Huyber argues that the district court erred by permitting the state to seek an aggravated sentence pursuant to Minn. R. Crim. P. 7.03 after he pleaded guilty to both offenses in the complaint because the late notice was not supported by good cause and he experienced prejudice as a result of the district court's decision. We are not persuaded.

"The interpretation of the Minnesota Rules of Criminal Procedure is a question [appellate courts] review de novo." See Reynolds v. State, 888 N.W.2d 125, 129 (Minn. 2016) (footnote omitted). "In interpreting the rules of criminal procedure, '[appellate courts] look first to the plain language of the rule and its purpose.'" See State v. Lee, 929 N.W.2d 432, 439 (Minn. 2019) (quoting State v. Dahlin, 753 N.W.2d 300, 305 (Minn. 2008)). "If the language is plain and unambiguous, [appellate courts] follow the plain language of the rule." See id. "Because the construction of procedural rules is reviewed de novo, we review de novo whether the notice in this case fulfills that required in the rules." State v. Robideau, 817 N.W.2d 180, 188 (Minn. App. 2012).

For the state to seek an aggravated sentence, it must provide notice to the defendant. State v. Rourke, 773 N.W.2d 913, 923 (Minn. 2009) ("[T]he State must notify the defense of anticipated upward-departure grounds before trial, and the applicability of the noticed grounds is an issue the district court is to resolve at the omnibus stage of the case."). Pursuant to Minn. R. Crim. P. 7.03,

Minnesota Rule of Criminal Procedure 7.03 "establishes the notice requirements for a prosecutor to initiate proceedings seeking an aggravated sentence in compliance with Blakely v. Washington, 542 U.S. 296, 301-305 (2004)." Minn. R. Crim. P. 7.03 cmt.

The prosecutor must give written notice at least seven days before the Omnibus Hearing of intent to seek an aggravated sentence. Notice may be given later if permitted by the court on good cause and on conditions that will not unfairly prejudice the defendant. The notice must include the grounds or statutes relied upon and a summary statement of the factual basis supporting the aggravated sentence.
(Emphasis added.)

An omnibus hearing occurs in felony and gross-misdemeanor cases when a defendant has yet to plead guilty. Minn. R. Crim. P. 11.01. Such an omnibus hearing "must start within 42 days of the Rule 5 appearance if it was not combined with the Rule 8 hearing, or within 28 days of the Rule 5 appearance if it was combined with the Rule 8 hearing." Id. (a).
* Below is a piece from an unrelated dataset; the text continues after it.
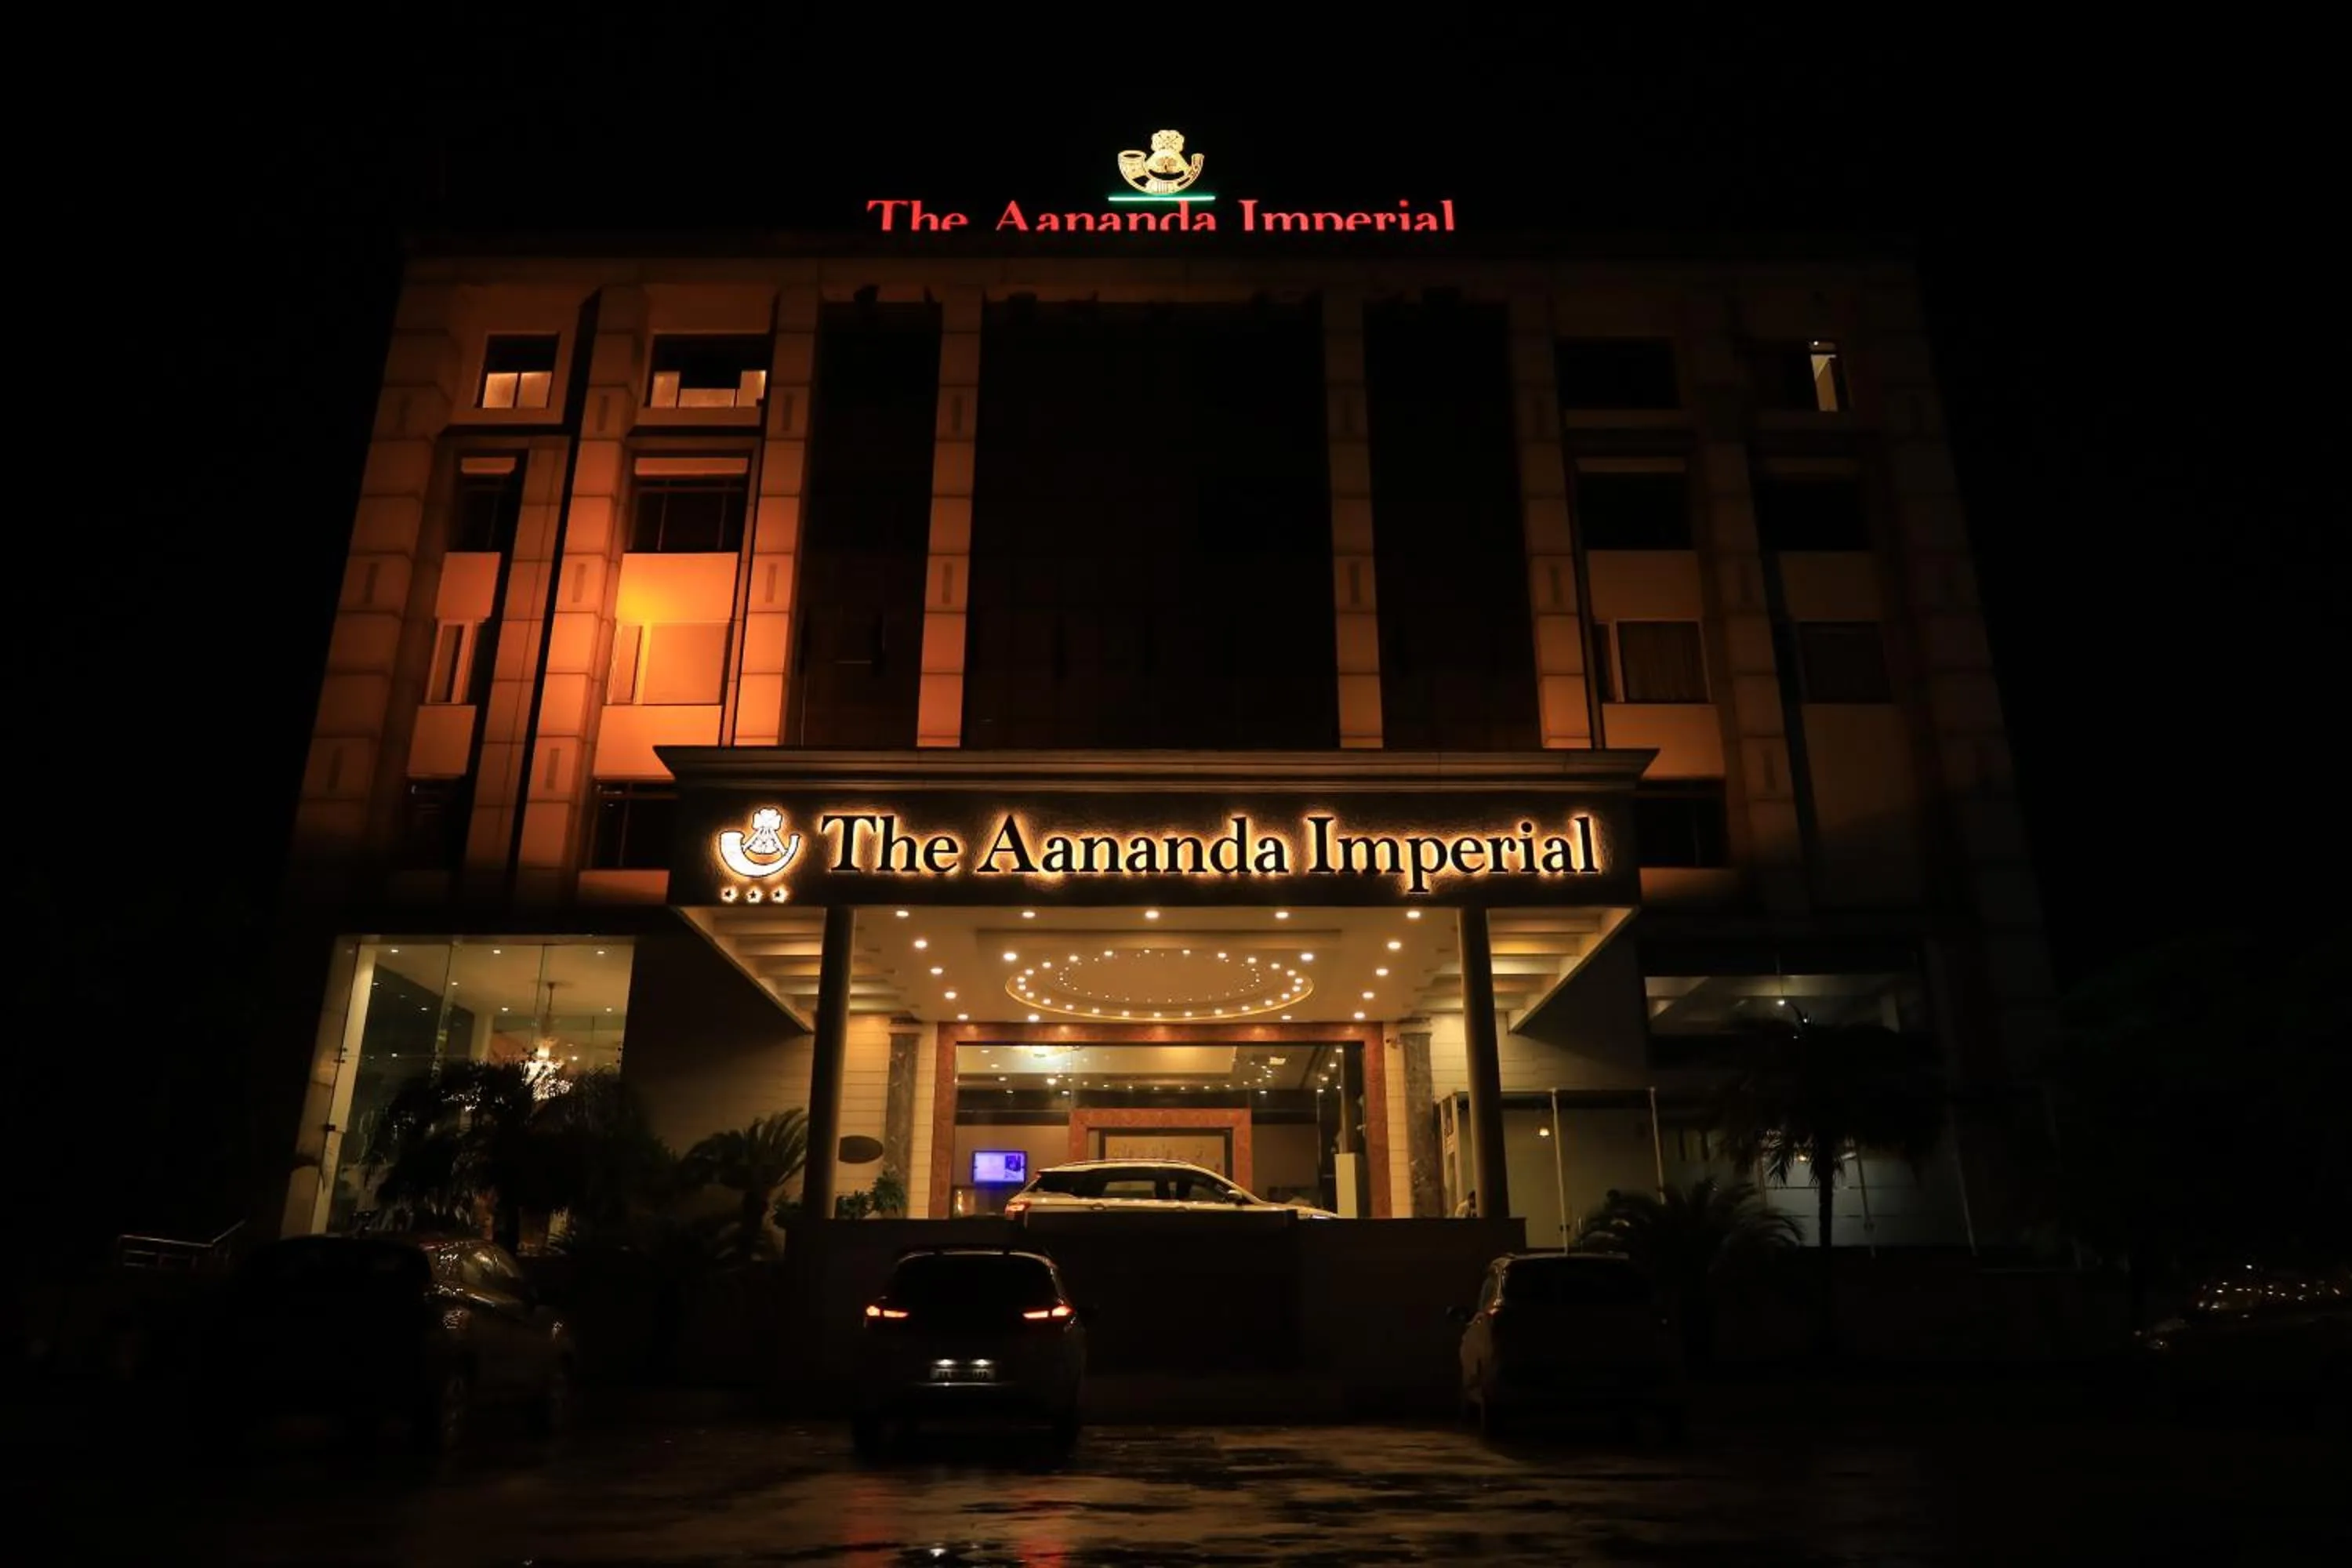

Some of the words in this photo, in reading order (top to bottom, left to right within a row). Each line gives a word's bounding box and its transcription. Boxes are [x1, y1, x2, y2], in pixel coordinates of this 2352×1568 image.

An omnibus hearing is not required in all criminal cases and, as was the situation in this matter, an omnibus hearing does not occur if the defendant enters a guilty plea either at an initial appearance or the rule 8 hearing. See Minn. R. Crim. P. 8.02, subd. 1 ("If the defendant pleads guilty, the pre-sentencing and sentencing procedures in these rules must be followed."). Based on Huyber's guilty plea at the rule 8 hearing, the district court did not schedule an omnibus hearing and instead scheduled the matter for sentencing.

At a hearing on the state's motion to permit an untimely aggravated-sentencing motion, the district court properly applied rule 7.03's timing exception. The comments to rule 7 also recognize this occurrence,

The rule recognizes that it may not always be possible to give notice by seven days before the Omnibus Hearing and the court may permit a later notice for good cause so long as the later notice will not unfairly prejudice the defendant. In making that decision the court can consider whether a continuance of the proceedings or other conditions would cure any unfair prejudice to the defendant. Pretrial issues concerning a requested aggravated sentence will be considered and decided under the Omnibus Hearing provisions of Rule 11.
Minn. R. Crim. P. 7.03 cmt.; see State v. Pero, 590 N.W.2d 319, 326 (Minn. 1999) (stating that "comments [to the Minnesota Rules of Criminal Procedure] are recognized as providing guidance which courts may follow"). We, in reviewing the district court's decision to permit the late notice, follow the plain language of the rule.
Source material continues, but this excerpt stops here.